In my 1997 article “Regime Uncertainty,” which now appears in slightly revised form as the first chapter of my 2006 book Depression, War, and Cold War, I presented several different kinds of evidence in support of my hypothesis about the rise, fall, and consequences of regime uncertainty: a traditional historical narrative of relevant events; a compilation of important menacing statutes; the findings of a number of contemporary public-opinion surveys; and, perhaps most important, data on the spreads between the yields on high-grade corporate bonds for various terms to maturity.
I examined the bond-yield data because, I argued, one ought to see a widening of the spreads when investors adopted an altered view of the future security of private-property rights. Although as of, say, 1936, one might have been sufficiently confident of receiving the promised interest and principal on a corporate bond due in one year, the New Deal’s threats to the security of private-property rights would have led investors to demand a risk premium on bonds of longer term; and, other things being the same, that risk premium ought to have been greater the longer the term to maturity, if one expected that the New Deal was likely to transform the US economic order ultimately into something that approximated full-fledged socialism or fascism (as many businessmen and investors at the time said they expected).
The data on high-grade corporate bond yields (available for the first quarter of each year) do show that through the first quarter of 1934 — that is, before the onset of the so-called Second New Deal — the spreads were extremely narrow; in other words, the yield curve was virtually flat. They then increased enormously during the following two years. Though fluctuating, the spreads remained extraordinarily wide through the first quarter of 1941, after which they fell precipitously. By the early 1950s, the spreads had virtually disappeared; that is, the yield curve had become flat again, as it had been before 1935. The rise and fall of the huge spreads corresponded precisely with the emergence and the withering away, respectively, of the Second New Deal — Franklin D. Roosevelt’s jihad against the big capitalists.
In view of this analysis, I thought that it might be instructive to see what has happened recently to the corporate-bond spreads. Perhaps, again, they would reflect the onset of regime uncertainty. So far, however, they have not done so.
The data do show, however, a bizarre variation between mid-September and mid-October 2008. During that period, the effective yield on the bond due in 2 years leaped substantially above the yield on bonds of longer term to maturity, whether they were due in 5, 10, or 20 years.
I do not know what to make of this odd, transitory deviation from a normal yield curve.
If we were looking at very liquid instruments, such as the 3-month Treasury bill, we might expect to see a panic cause an abrupt collapse of effective yield; indeed, that is what we have seen, with the collapse occurring at the same time that the 2-year corporate bond yield moved sharply in the opposite direction.

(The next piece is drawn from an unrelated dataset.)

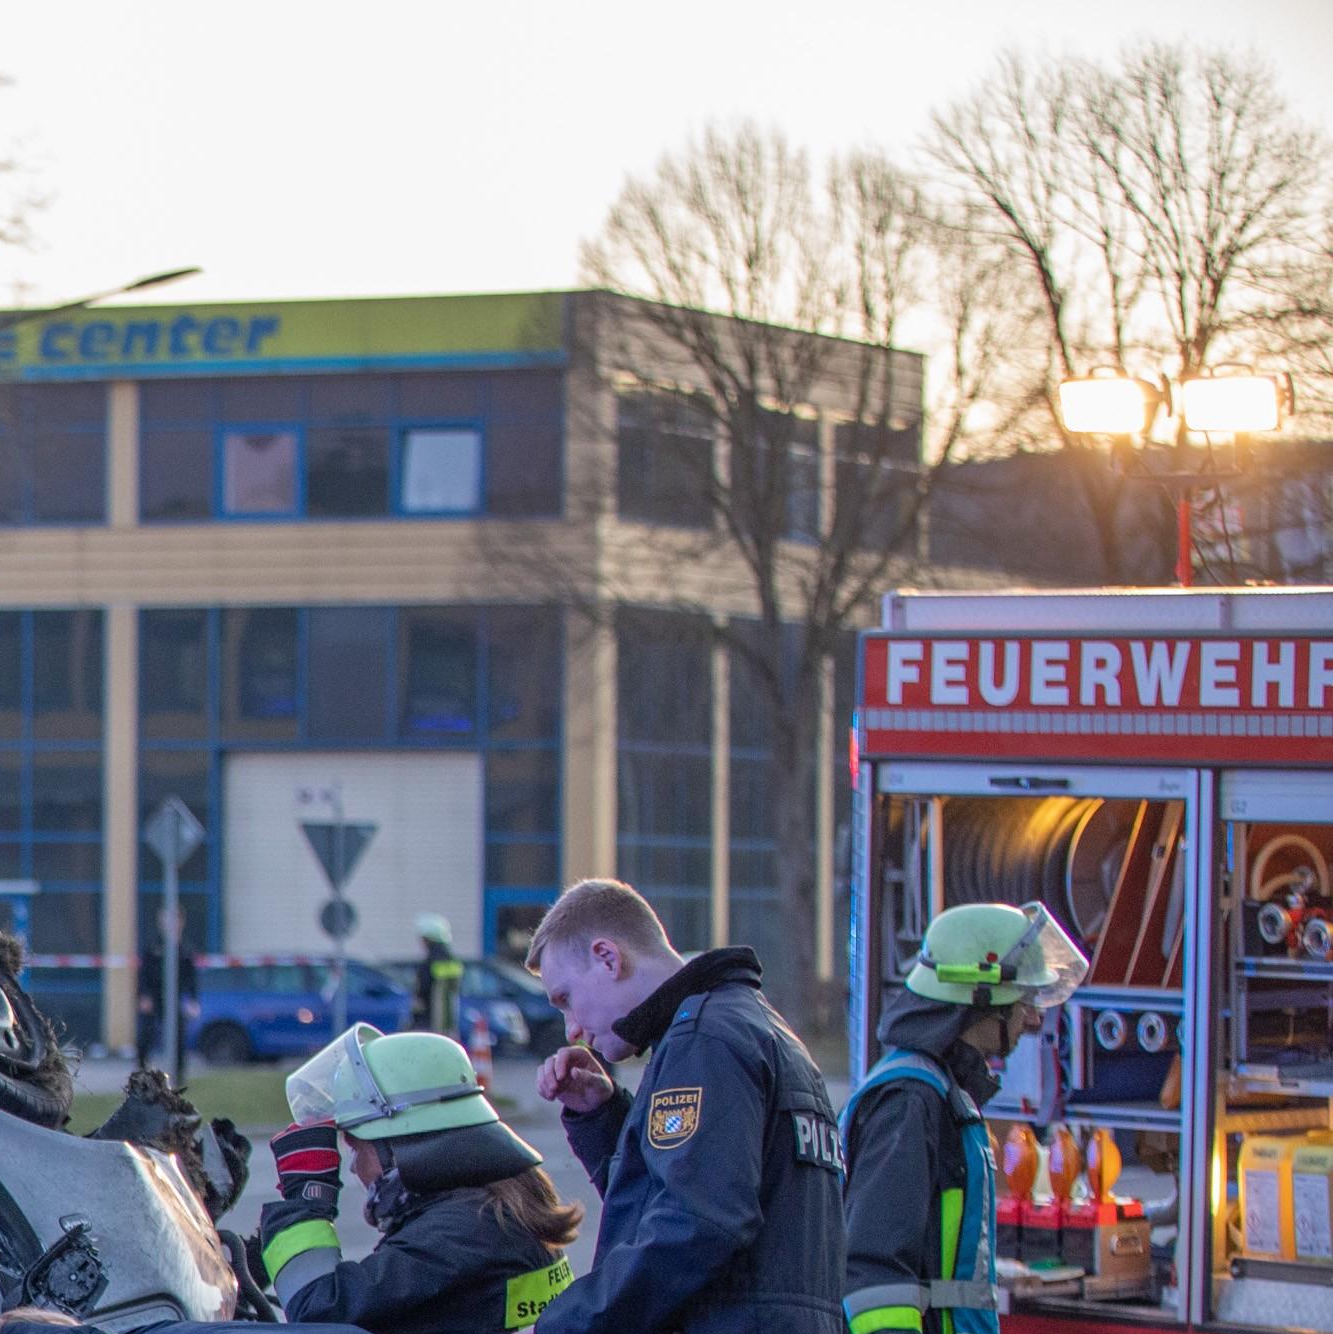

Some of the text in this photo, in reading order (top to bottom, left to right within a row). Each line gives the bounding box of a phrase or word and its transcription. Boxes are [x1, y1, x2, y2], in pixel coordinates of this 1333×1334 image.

[39, 313, 280, 358] center
[886, 640, 1333, 709] FEUERWEHR
[654, 1094, 698, 1108] POLIZEI

Did fearful investors suddenly shift from holding 2-year corporates to holding T-bills, thereby driving down the price of these corporate bonds and, equivalently, driving up their effective yield? Such a move might seem compatible with the onset of regime uncertainty. But the relative steadiness of the yield on longer-term corporates is not consistent with this view. Why would investors fearful of regime change leap out of only the relatively short-term corporates, not the longer-term corporates as well? I am puzzled.
I am aware, of course, that these recent gyrations in the corporate-bond yield spreads may have nothing to do with regime uncertainty. The aberration of mid-September to mid-October may spring from altogether difference sources. My mind is open.